◆ Task item ◆
The records below must be returned in full and unaltered.

(Records from a data collection)
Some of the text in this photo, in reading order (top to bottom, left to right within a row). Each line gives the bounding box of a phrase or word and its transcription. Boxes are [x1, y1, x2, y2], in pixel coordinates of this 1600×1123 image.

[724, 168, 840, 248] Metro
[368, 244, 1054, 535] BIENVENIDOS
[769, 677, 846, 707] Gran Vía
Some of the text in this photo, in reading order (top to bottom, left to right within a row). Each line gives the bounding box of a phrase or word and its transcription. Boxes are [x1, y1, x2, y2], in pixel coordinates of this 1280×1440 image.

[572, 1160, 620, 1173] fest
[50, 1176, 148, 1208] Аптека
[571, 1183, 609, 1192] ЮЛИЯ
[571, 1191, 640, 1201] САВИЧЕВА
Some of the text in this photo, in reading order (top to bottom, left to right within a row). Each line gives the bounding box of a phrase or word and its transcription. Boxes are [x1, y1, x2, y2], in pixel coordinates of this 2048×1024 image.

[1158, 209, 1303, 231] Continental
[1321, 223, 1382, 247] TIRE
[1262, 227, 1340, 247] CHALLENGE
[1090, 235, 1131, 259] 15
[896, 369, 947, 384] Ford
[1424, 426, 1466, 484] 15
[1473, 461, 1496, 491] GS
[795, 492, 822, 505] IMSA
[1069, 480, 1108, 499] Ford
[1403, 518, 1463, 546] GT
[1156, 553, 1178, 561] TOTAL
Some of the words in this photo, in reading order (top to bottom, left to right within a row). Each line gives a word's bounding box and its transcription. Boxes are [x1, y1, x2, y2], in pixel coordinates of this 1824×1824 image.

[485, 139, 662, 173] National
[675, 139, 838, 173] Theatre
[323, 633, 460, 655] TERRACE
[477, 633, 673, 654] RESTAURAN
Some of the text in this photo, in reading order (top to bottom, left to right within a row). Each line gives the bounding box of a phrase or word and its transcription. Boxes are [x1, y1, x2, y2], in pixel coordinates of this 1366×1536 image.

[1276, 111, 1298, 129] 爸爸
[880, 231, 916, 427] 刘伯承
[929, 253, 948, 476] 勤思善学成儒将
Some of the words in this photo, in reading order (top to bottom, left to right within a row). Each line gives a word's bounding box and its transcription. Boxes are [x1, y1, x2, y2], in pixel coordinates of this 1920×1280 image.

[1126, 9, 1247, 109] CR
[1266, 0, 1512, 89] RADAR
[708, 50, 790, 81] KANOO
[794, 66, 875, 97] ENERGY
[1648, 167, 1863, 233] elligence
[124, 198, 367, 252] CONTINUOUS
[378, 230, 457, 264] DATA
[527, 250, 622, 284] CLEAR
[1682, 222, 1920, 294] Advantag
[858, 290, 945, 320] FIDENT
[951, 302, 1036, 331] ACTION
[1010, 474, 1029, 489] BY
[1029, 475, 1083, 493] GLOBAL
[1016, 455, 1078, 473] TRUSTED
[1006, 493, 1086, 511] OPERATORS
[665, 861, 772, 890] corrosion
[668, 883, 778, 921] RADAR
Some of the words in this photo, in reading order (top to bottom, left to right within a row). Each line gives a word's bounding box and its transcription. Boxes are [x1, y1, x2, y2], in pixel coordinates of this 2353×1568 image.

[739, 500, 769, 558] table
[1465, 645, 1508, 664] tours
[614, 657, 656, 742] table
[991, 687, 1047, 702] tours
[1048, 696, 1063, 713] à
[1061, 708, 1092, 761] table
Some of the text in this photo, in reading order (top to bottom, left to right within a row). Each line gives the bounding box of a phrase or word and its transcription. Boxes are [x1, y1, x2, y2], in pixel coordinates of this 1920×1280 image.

◆ Written answer ◆
Some of the text in this photo, in reading order (top to bottom, left to right within a row). Each line gives the bounding box of a phrase or word and its transcription. Boxes are [x1, y1, x2, y2], in pixel coordinates of this 1600×1123 image.

[724, 168, 840, 248] Metro
[368, 244, 1054, 535] BIENVENIDOS
[769, 677, 846, 707] Gran Vía
Some of the text in this photo, in reading order (top to bottom, left to right within a row). Each line gives the bounding box of a phrase or word and its transcription. Boxes are [x1, y1, x2, y2], in pixel coordinates of this 1280×1440 image.

[572, 1160, 620, 1173] fest
[50, 1176, 148, 1208] Аптека
[571, 1183, 609, 1192] ЮЛИЯ
[571, 1191, 640, 1201] САВИЧЕВА
Some of the text in this photo, in reading order (top to bottom, left to right within a row). Each line gives the bounding box of a phrase or word and its transcription. Boxes are [x1, y1, x2, y2], in pixel coordinates of this 2048×1024 image.

[1158, 209, 1303, 231] Continental
[1321, 223, 1382, 247] TIRE
[1262, 227, 1340, 247] CHALLENGE
[1090, 235, 1131, 259] 15
[896, 369, 947, 384] Ford
[1424, 426, 1466, 484] 15
[1473, 461, 1496, 491] GS
[795, 492, 822, 505] IMSA
[1069, 480, 1108, 499] Ford
[1403, 518, 1463, 546] GT
[1156, 553, 1178, 561] TOTAL
Some of the words in this photo, in reading order (top to bottom, left to right within a row). Each line gives a word's bounding box and its transcription. Boxes are [x1, y1, x2, y2], in pixel coordinates of this 1824×1824 image.

[485, 139, 662, 173] National
[675, 139, 838, 173] Theatre
[323, 633, 460, 655] TERRACE
[477, 633, 673, 654] RESTAURAN
Some of the text in this photo, in reading order (top to bottom, left to right within a row). Each line gives the bounding box of a phrase or word and its transcription. Boxes are [x1, y1, x2, y2], in pixel coordinates of this 1366×1536 image.

[1276, 111, 1298, 129] 爸爸
[880, 231, 916, 427] 刘伯承
[929, 253, 948, 476] 勤思善学成儒将
Some of the words in this photo, in reading order (top to bottom, left to right within a row). Each line gives a word's bounding box and its transcription. Boxes are [x1, y1, x2, y2], in pixel coordinates of this 1920×1280 image.

[1126, 9, 1247, 109] CR
[1266, 0, 1512, 89] RADAR
[708, 50, 790, 81] KANOO
[794, 66, 875, 97] ENERGY
[1648, 167, 1863, 233] elligence
[124, 198, 367, 252] CONTINUOUS
[378, 230, 457, 264] DATA
[527, 250, 622, 284] CLEAR
[1682, 222, 1920, 294] Advantag
[858, 290, 945, 320] FIDENT
[951, 302, 1036, 331] ACTION
[1010, 474, 1029, 489] BY
[1029, 475, 1083, 493] GLOBAL
[1016, 455, 1078, 473] TRUSTED
[1006, 493, 1086, 511] OPERATORS
[665, 861, 772, 890] corrosion
[668, 883, 778, 921] RADAR
Some of the words in this photo, in reading order (top to bottom, left to right within a row). Each line gives a word's bounding box and its transcription. Boxes are [x1, y1, x2, y2], in pixel coordinates of this 2353×1568 image.

[739, 500, 769, 558] table
[1465, 645, 1508, 664] tours
[614, 657, 656, 742] table
[991, 687, 1047, 702] tours
[1048, 696, 1063, 713] à
[1061, 708, 1092, 761] table
Some of the text in this photo, in reading order (top to bottom, left to right within a row). Each line gives the bounding box of a phrase or word and its transcription. Boxes are [x1, y1, x2, y2], in pixel coordinates of this 1920×1280 image.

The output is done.